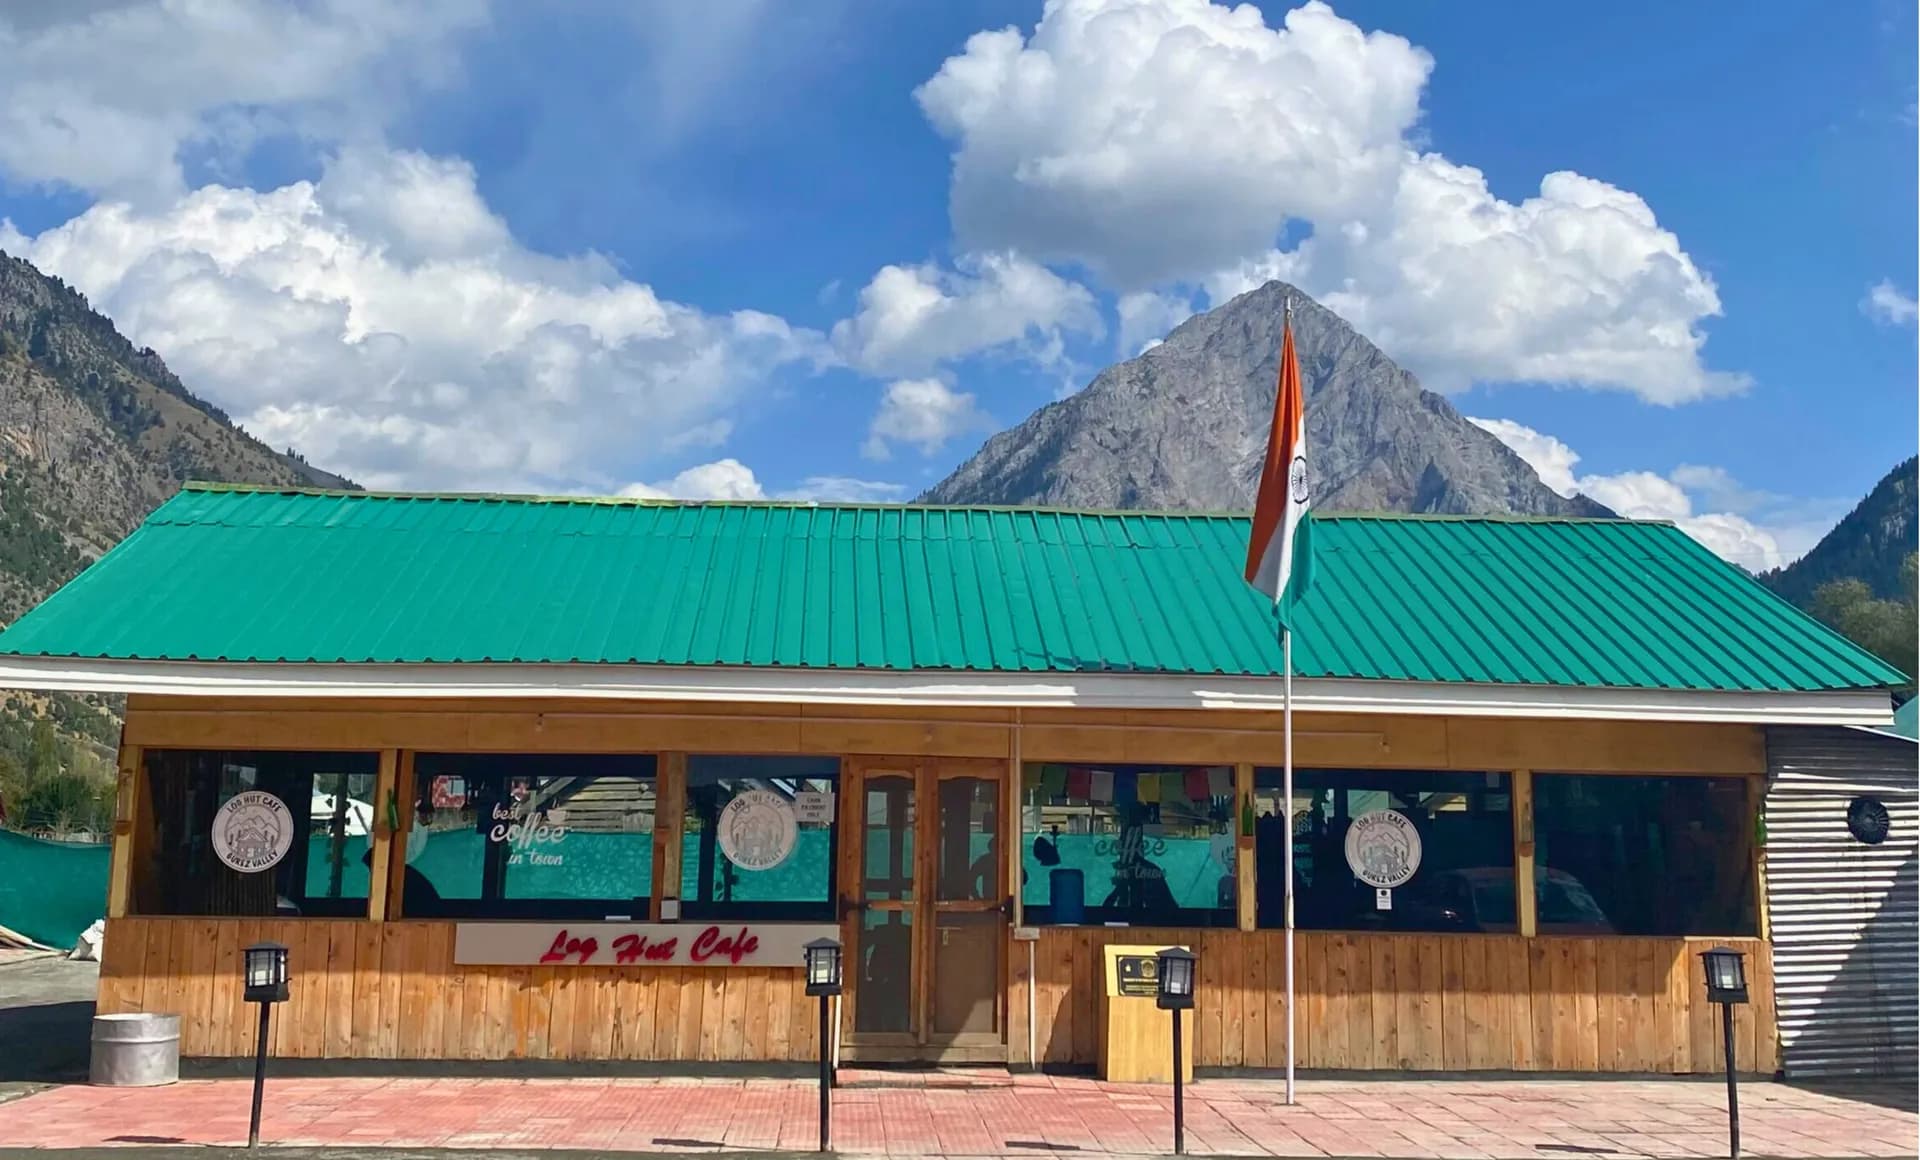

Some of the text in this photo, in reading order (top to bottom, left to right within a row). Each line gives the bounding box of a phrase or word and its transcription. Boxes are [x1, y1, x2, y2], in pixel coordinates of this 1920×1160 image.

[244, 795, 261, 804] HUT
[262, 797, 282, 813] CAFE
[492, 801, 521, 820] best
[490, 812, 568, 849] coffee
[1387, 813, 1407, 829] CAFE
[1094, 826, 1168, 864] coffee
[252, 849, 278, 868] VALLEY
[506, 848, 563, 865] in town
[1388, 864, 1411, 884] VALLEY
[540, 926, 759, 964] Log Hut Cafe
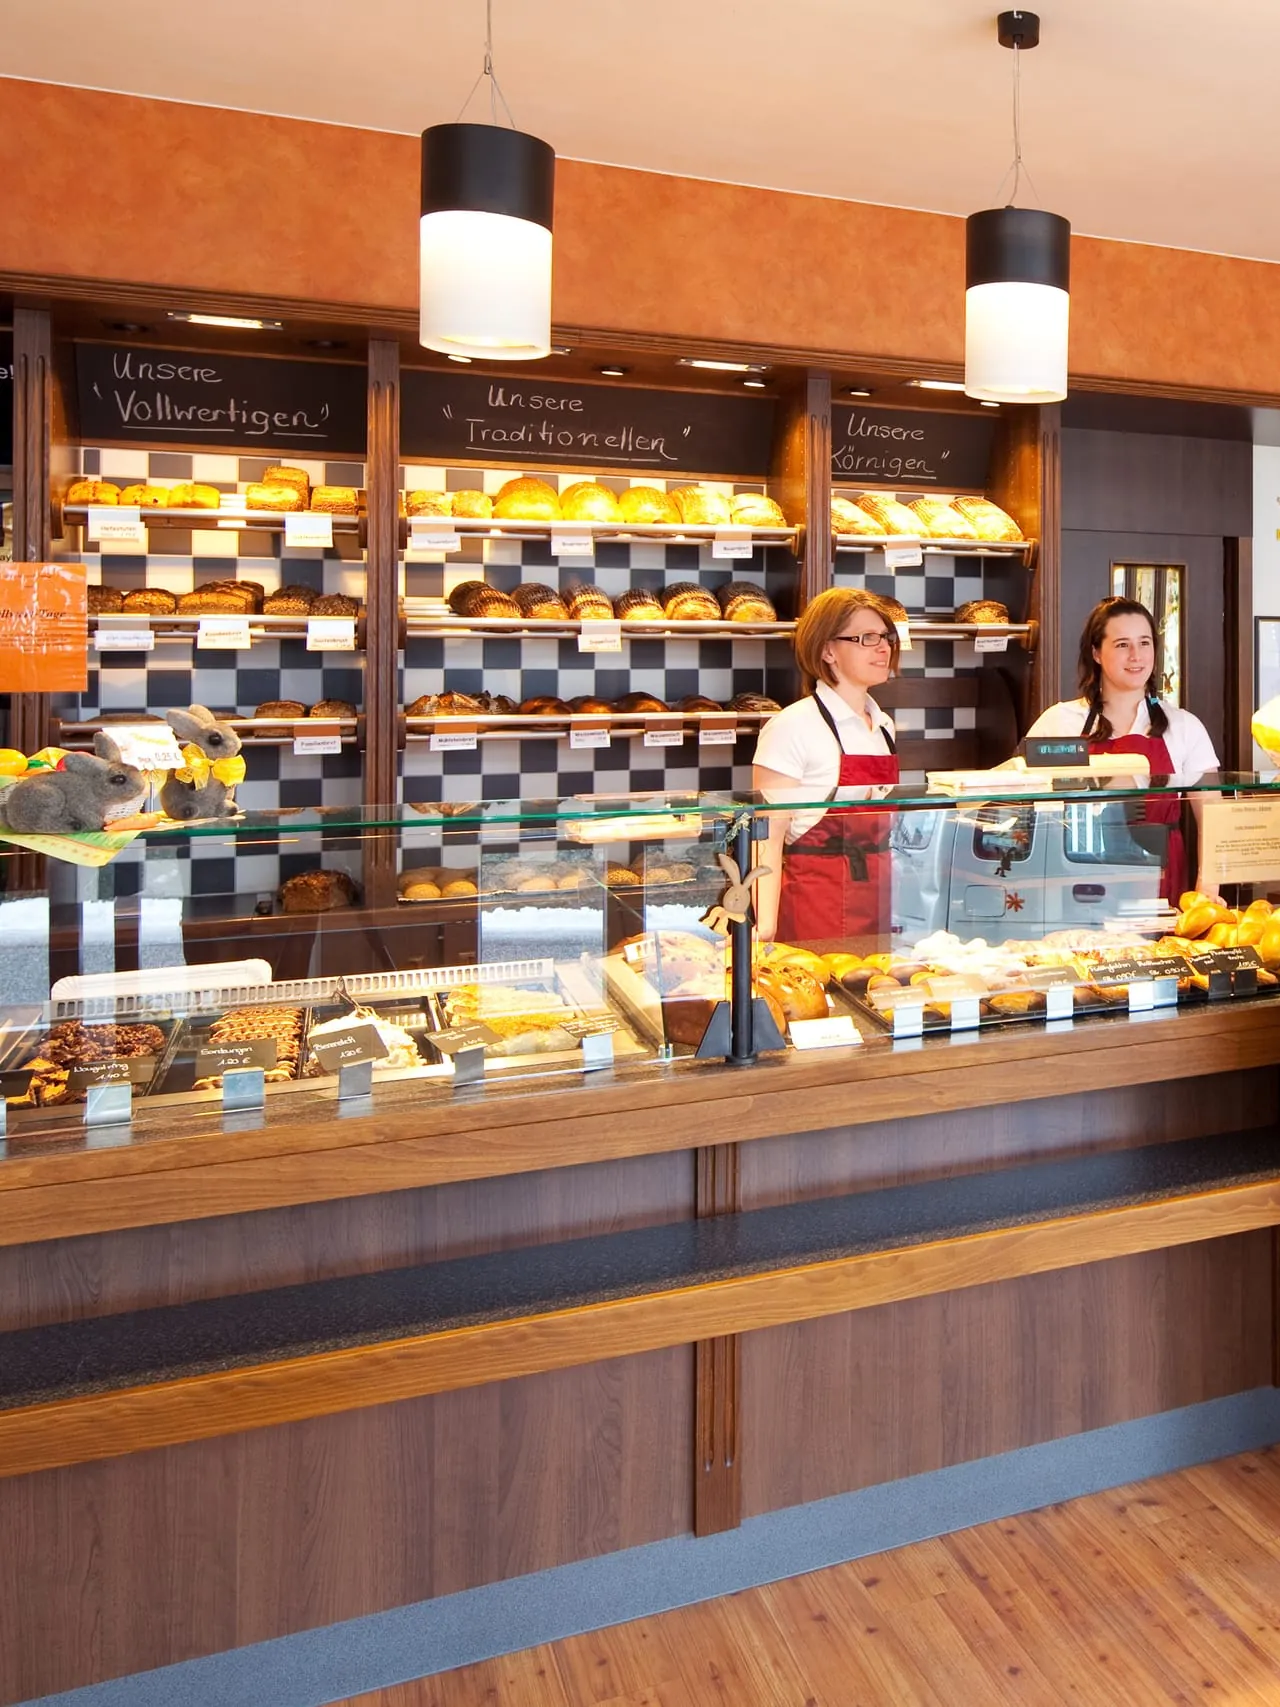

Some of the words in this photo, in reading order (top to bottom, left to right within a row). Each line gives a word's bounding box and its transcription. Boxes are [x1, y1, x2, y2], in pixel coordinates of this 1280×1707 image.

### WHAT THIS TASK INVOLVES
Repeat all entries exactly, pictures excluded.

### EXERCISE ANSWER
Some of the text in this photo, in reading order (top to bottom, left to right within a row). Each line gives the bounding box of a phrase or word and its transcription. Boxes are [x1, y1, x2, y2], in pixel coordinates of this 1920×1160 image.

[244, 795, 261, 804] HUT
[262, 797, 282, 813] CAFE
[492, 801, 521, 820] best
[490, 812, 568, 849] coffee
[1387, 813, 1407, 829] CAFE
[1094, 826, 1168, 864] coffee
[252, 849, 278, 868] VALLEY
[506, 848, 563, 865] in town
[1388, 864, 1411, 884] VALLEY
[540, 926, 759, 964] Log Hut Cafe

Some of the words in this photo, in reading order (top to bottom, left to right within a row). Each line gives a word's bounding box and its transcription. Boxes are [x1, y1, x2, y2], in pixel coordinates of this 1280×1707 image.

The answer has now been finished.